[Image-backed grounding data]
—————
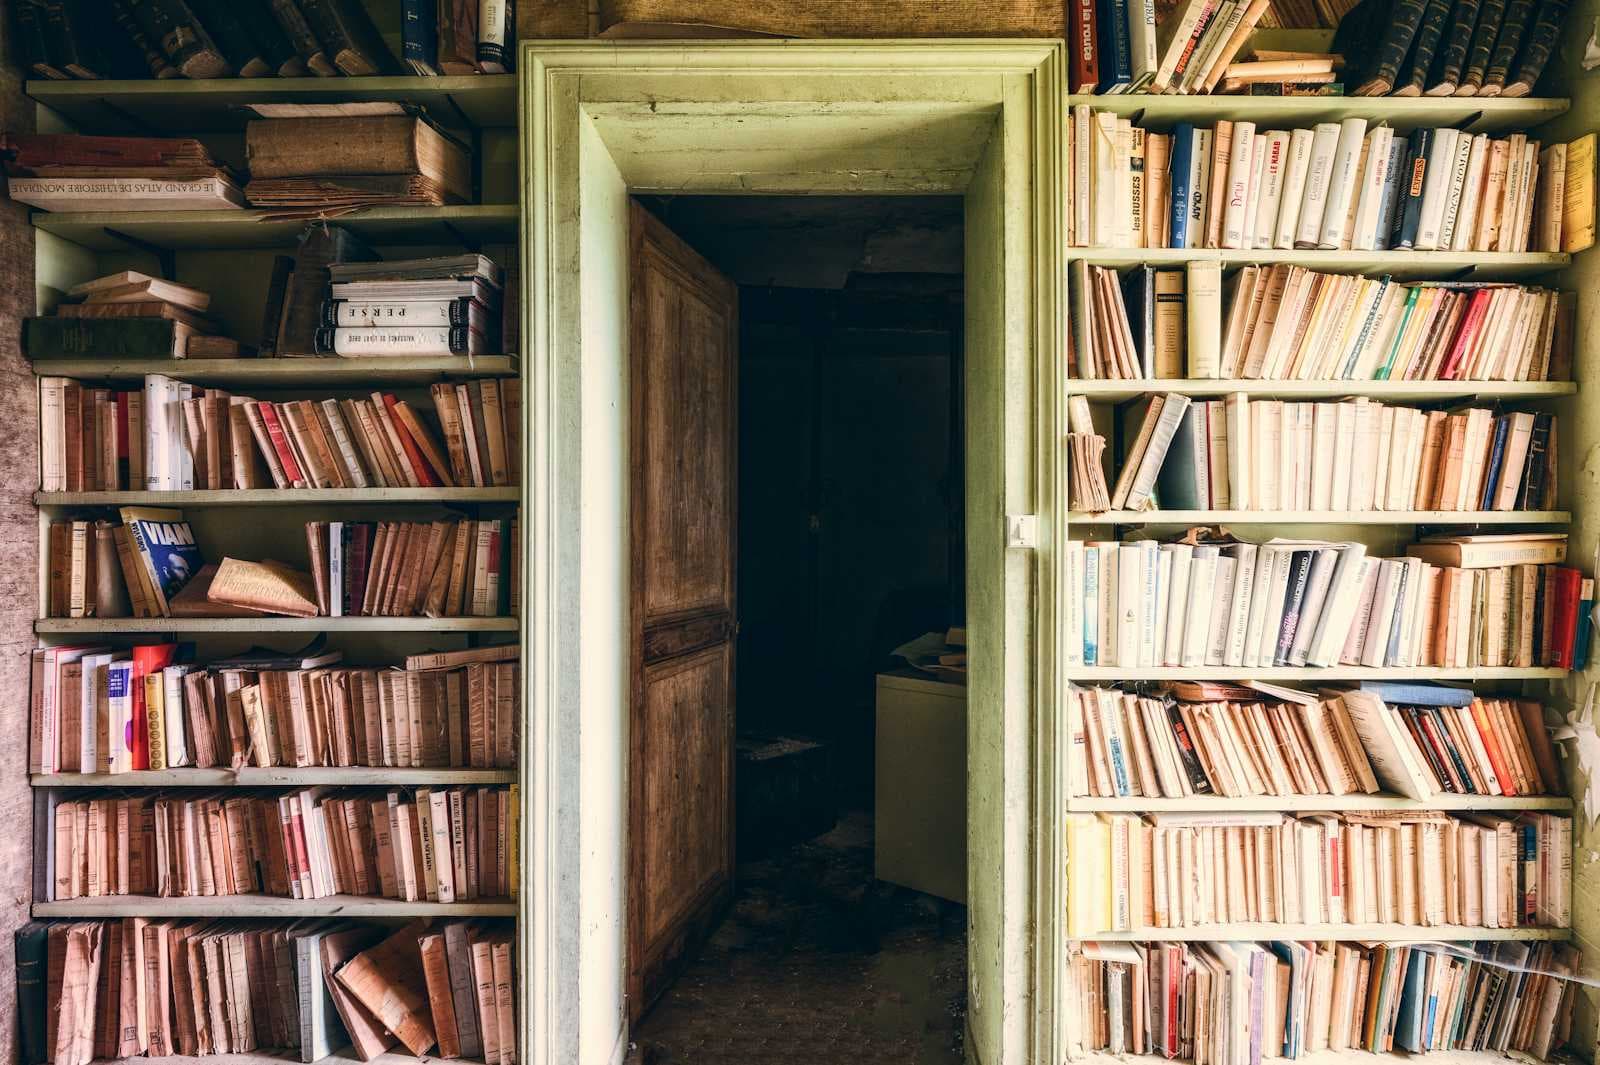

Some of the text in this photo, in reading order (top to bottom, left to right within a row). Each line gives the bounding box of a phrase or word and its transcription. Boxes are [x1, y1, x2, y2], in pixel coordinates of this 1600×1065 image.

[1083, 9, 1092, 21] la
[1083, 24, 1092, 61] route
[12, 183, 214, 193] LE GRAND ATLAS DE L'HISTOIRE MONDIALE
[1411, 159, 1424, 196] L'EXPRESS
[1132, 176, 1140, 231] les RUSSES
[349, 308, 405, 317] PERSE
[142, 521, 195, 545] VIAN
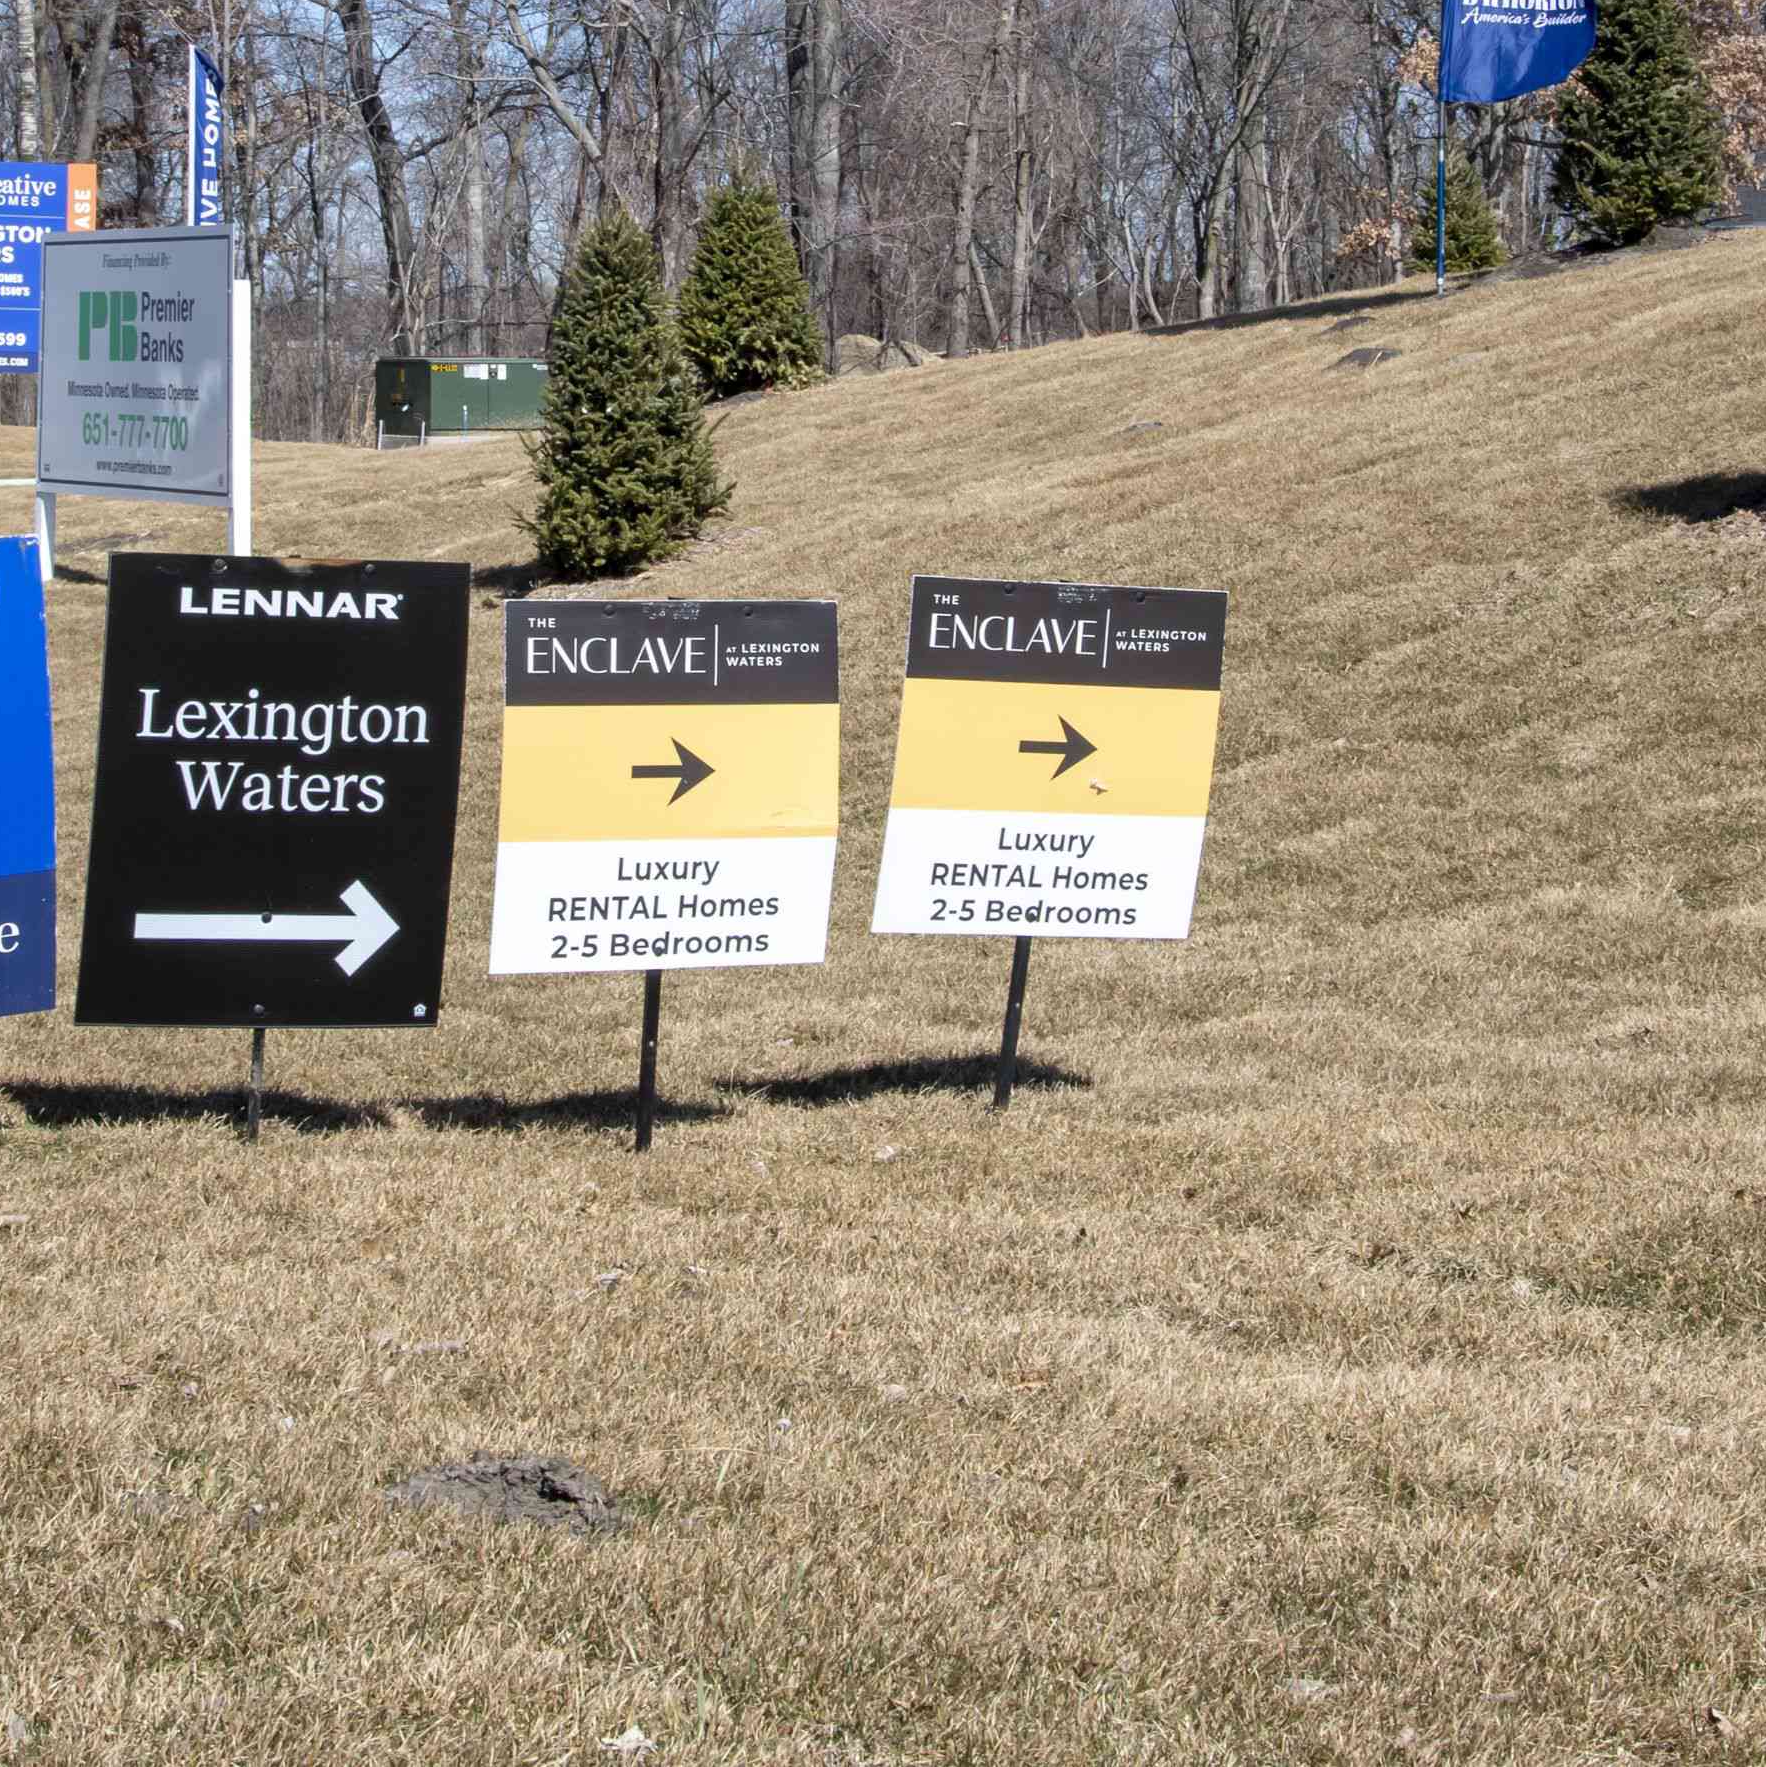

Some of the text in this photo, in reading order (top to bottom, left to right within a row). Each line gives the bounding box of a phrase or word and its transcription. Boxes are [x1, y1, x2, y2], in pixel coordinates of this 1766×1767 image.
—————
(Problem description):
Please write out all the data word for word, but keep every picture out.

(Task output):
Some of the text in this photo, in reading order (top to bottom, left to right within a row). Each line gives the bounding box of a phrase or word and its transcription. Boxes are [x1, y1, x2, y2], in pixel coordinates of this 1600×1065 image.

[1083, 9, 1092, 21] la
[1083, 24, 1092, 61] route
[12, 183, 214, 193] LE GRAND ATLAS DE L'HISTOIRE MONDIALE
[1411, 159, 1424, 196] L'EXPRESS
[1132, 176, 1140, 231] les RUSSES
[349, 308, 405, 317] PERSE
[142, 521, 195, 545] VIAN

Some of the text in this photo, in reading order (top to bottom, left to right within a row). Each line gives the bounding box of a phrase or word and its transcription. Boxes are [x1, y1, x2, y2], in pixel coordinates of this 1766×1767 image.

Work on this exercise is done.